Let me say this as gently and as honestly as I can:
This is the part that matters the most.
This is where grit is born.
The Science of Hanging On
Grit isn’t just a feeling, it’s a structure.
A neural path your brain lays down when you keep going.
A physical, chemical, emotional rebellion against the instinct to give up.
Angela Duckworth (psychologist and author of Grit) found that perseverance matters more than talent. Her TED Talk has 27 million views for a reason. It speaks to the part of us that knows: we don’t need to be gifted, we just need to be willing.
Inside your brain, the anterior cingulate cortex lights up when you push through a hard task. You’re literally training yourself to endure.
And in meditation research, scientists have found that even sitting still with intention changes the brain. More gray matter. More patience. More presence.
Staying soft in a sharp world is strength.
Like I wrote in Why the Mind Leaves the Body During Trauma, we often dissociate to survive. But returning…to the body, the dream, the work…that’s not weakness. That’s triumph.
The Quiet Math of Showing Up
Here’s what the numbers whisper:
81% of bloggers give up in the first 18 months.
Most self-published books never sell more than 250 copies.
But bloggers who publish consistently (just 2–4 times a week) see over 3.5x more growth.

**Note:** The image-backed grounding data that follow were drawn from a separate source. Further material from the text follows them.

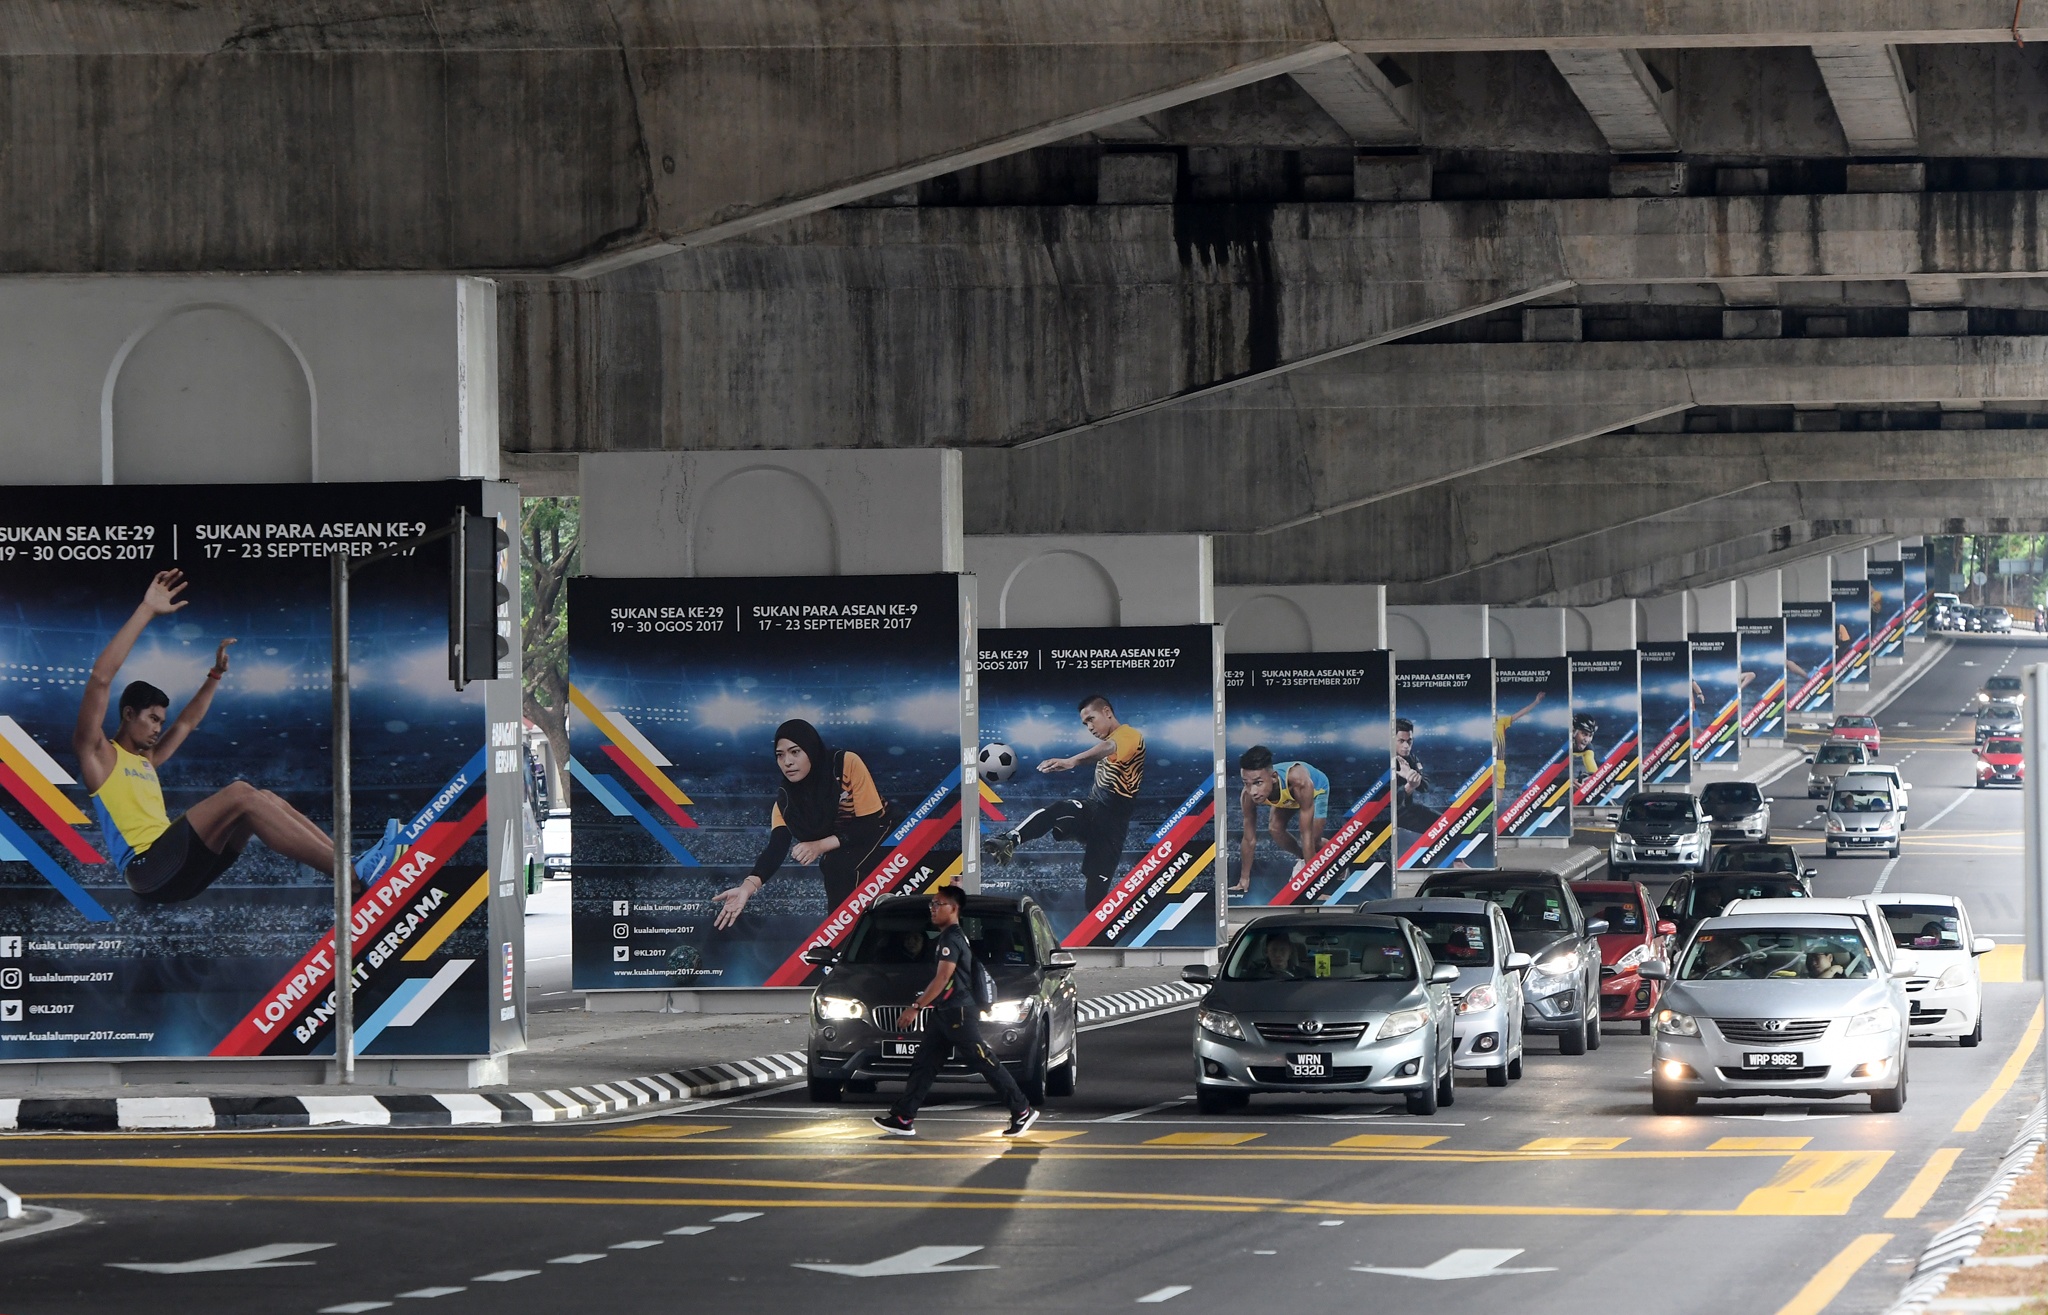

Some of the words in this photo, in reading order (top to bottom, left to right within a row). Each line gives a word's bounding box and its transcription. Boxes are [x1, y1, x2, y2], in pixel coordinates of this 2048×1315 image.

[0, 526, 61, 542] SUKAN
[66, 526, 101, 541] SEA
[105, 525, 155, 541] KE-29
[195, 524, 261, 539] SUKAN
[265, 523, 315, 539] PARA
[319, 523, 382, 538] ASEAN
[386, 522, 426, 537] KE-9
[32, 546, 53, 561] 30
[58, 545, 112, 560] OGOS
[116, 545, 155, 560] 2017
[204, 544, 222, 558] 17
[241, 543, 262, 558] 23
[267, 542, 372, 558] SEPTEMBER
[611, 608, 657, 619] SUKAN
[660, 607, 685, 618] SEA
[688, 607, 724, 618] KE-29
[753, 606, 799, 617] SUKAN
[803, 605, 839, 616] PARA
[841, 604, 886, 616] ASEAN
[889, 604, 918, 615] KE-9
[611, 622, 624, 632] 19
[637, 621, 651, 632] 30
[655, 621, 693, 632] OGOS
[696, 620, 724, 632] 2017
[759, 620, 772, 631] 17
[785, 619, 800, 630] 23
[803, 618, 880, 630] SEPTEMBER
[883, 618, 912, 629] 2017
[979, 651, 998, 659] SEA
[1001, 650, 1029, 659] KE-29
[1051, 650, 1088, 659] SUKAN
[1089, 649, 1117, 658] PARA
[1120, 649, 1155, 658] ASEAN
[1157, 648, 1180, 658] KE-9
[1007, 661, 1029, 670] 2017
[1056, 660, 1066, 669] 17
[1076, 660, 1088, 669] 23
[1091, 659, 1150, 669] SEPTEMBER
[1152, 659, 1175, 668] 2017
[1261, 670, 1290, 678] SUKAN
[1316, 669, 1345, 677] ASEAN
[1346, 669, 1365, 677] KE-9
[1227, 679, 1244, 687] 2017
[1282, 678, 1292, 686] 23
[1293, 678, 1340, 686] SEPTEMBER
[1342, 678, 1361, 686] 2017
[405, 808, 435, 840] LATIF
[432, 773, 468, 814] ROMLY
[1502, 784, 1541, 823] BADMINTON
[1509, 807, 1533, 834] BANGKIT
[1531, 783, 1557, 810] BERSAMA
[894, 817, 918, 841] EMMA
[916, 786, 949, 819] FIRYANA
[1156, 806, 1188, 839] MOHAMAD
[1185, 789, 1205, 808] SOBRI
[1427, 816, 1449, 840] SILAT
[1422, 834, 1450, 865] BANGKIT
[1448, 806, 1479, 838] BERSAMA
[1291, 843, 1340, 891] OLAHRAGA
[1336, 819, 1363, 845] PARA
[1305, 863, 1340, 900] BANGKIT
[1338, 830, 1374, 867] BERSAMA
[848, 853, 909, 915] PADANG
[895, 865, 934, 897] SAMA
[1095, 889, 1129, 922] BOLA
[1124, 855, 1161, 892] SEPAK
[1157, 840, 1173, 858] CP
[1106, 894, 1149, 940] BANGKIT
[1146, 851, 1193, 899] BERSAMA
[654, 904, 681, 912] Lumpur
[366, 887, 449, 969] BERSAMA
[28, 941, 56, 950] Kuala
[58, 942, 96, 951] Lumpur
[98, 941, 121, 950] 2017
[253, 949, 332, 1034] LOMPAT
[329, 900, 384, 949] AUH
[376, 850, 436, 907] PARA
[29, 972, 113, 984] kualalumpur2017
[614, 968, 723, 977] www.kualalumpur2017.com.my
[28, 1005, 74, 1014] @KL2017
[1, 1031, 154, 1042] www.kualalumpur2017.com.my
[1297, 1054, 1321, 1065] WRN
[1749, 1054, 1770, 1066] WRP
[1771, 1053, 1798, 1066] 9662
[1294, 1065, 1325, 1076] 8320

Writing down your goals makes you 42% more likely to reach them.
You might not feel like it, but every post is a brick in a cathedral. Every step is a step closer to whatever goal you have.
Every effort is compounding in ways you can’t see yet.

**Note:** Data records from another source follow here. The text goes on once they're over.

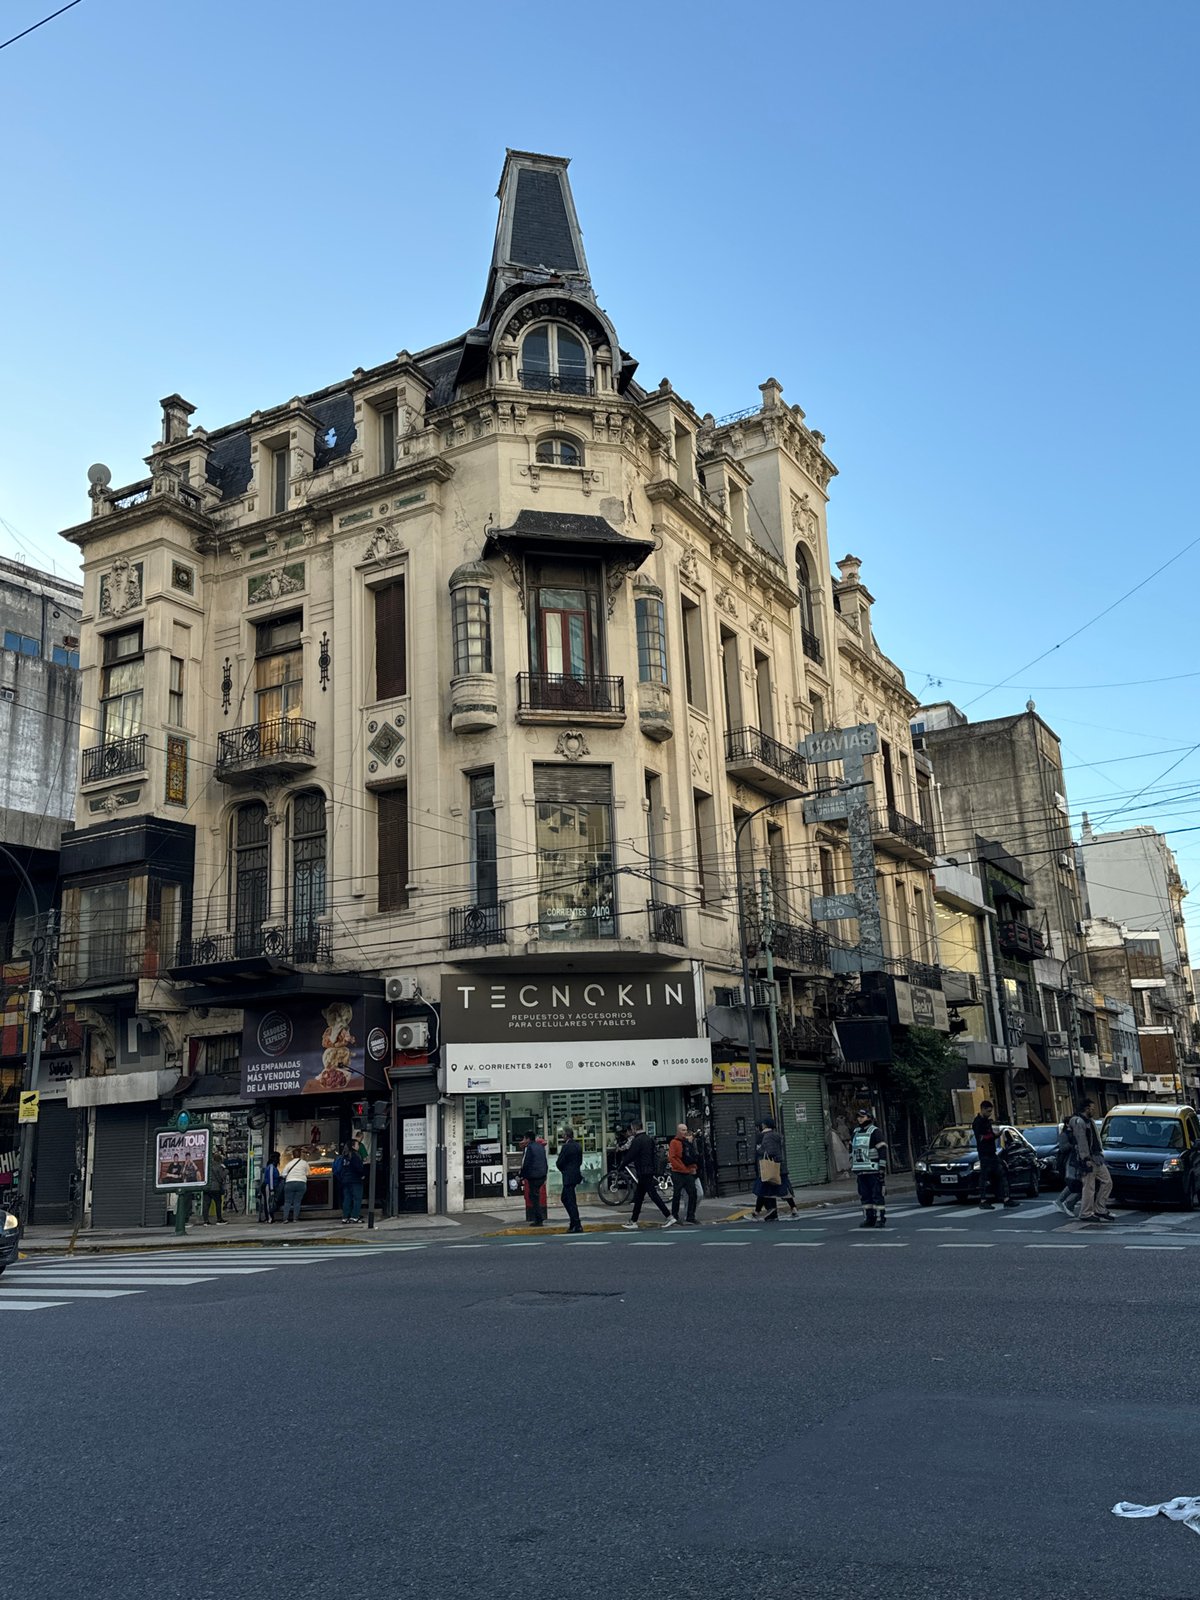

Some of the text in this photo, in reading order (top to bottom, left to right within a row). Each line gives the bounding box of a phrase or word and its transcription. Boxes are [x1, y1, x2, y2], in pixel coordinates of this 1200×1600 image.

[546, 907, 587, 917] CORRIENTES
[824, 907, 845, 917] 410
[457, 982, 683, 1009] TECNOKIN
[511, 1011, 634, 1021] REPUESTOS Y ACCESORIOS
[508, 1018, 636, 1029] PARA CELULARES Y TABLETS
[262, 1024, 287, 1039] SABORES
[265, 1031, 288, 1045] EXPRESS
[247, 1060, 301, 1072] LAS EMPANADAS
[479, 1062, 533, 1071] CORRIENTES
[534, 1062, 552, 1070] 2401
[578, 1060, 636, 1068] @TECNOKINBA
[671, 1057, 689, 1065] 5060
[690, 1056, 709, 1065] 5060
[247, 1069, 301, 1083] MÁS VENDIDAS
[246, 1081, 300, 1093] DE LA HISTORIA
[159, 1134, 206, 1149] LATAM TOUR

In Why Baking Can Be Therapeutic, I said healing doesn’t rise like lightning, it rises like dough. Slowly. Silently. Steadily.
The same is true for the life you’re building.
Stories of the Slow Burn
We all want fireworks. But real fire takes time.
J.K. Rowling was rejected a dozen times.
Bryan Cranston didn’t become iconic until he was middle-aged.
Colonel Sanders? He was 62 before his chicken went global.
What they had wasn’t luck. It was grit.
In The Science of Nostalgia, I explored how memory rewrites the past. But the now (this messy, unsure middle) is what real stories are made of.
It’s okay if it hurts. That’s what growth feels like.
The Shape of Grit
Grit isn’t shiny.
It’s not cinematic.
It’s the quiet moment when you open your laptop instead of walking away.
It’s publishing when you’re not sure it’s good enough.
It’s whispering “keep going” into the void.
Grit is a routine. A ritual. A pulse.
And sometimes, all it takes is one tiny thing to remind you that your belief still exists, even if it’s flickering.
If You’re Tired Right Now
If you’ve checked your stats and felt defeated,
If you’ve posted and heard nothing back,
If you’ve written words that didn’t go viral, and you wonder if they matter,
They do.
Because someone else out there is tired too.
And maybe your voice is the only one soft enough for them to hear.
You don’t need to be loud. You don’t need to be perfect.
You just need to not disappear.
In The Wild Side of AI, I wrote about quiet sparks that become wildfires. This is yours.
Let it flicker. Let it hum. Just don’t blow it out.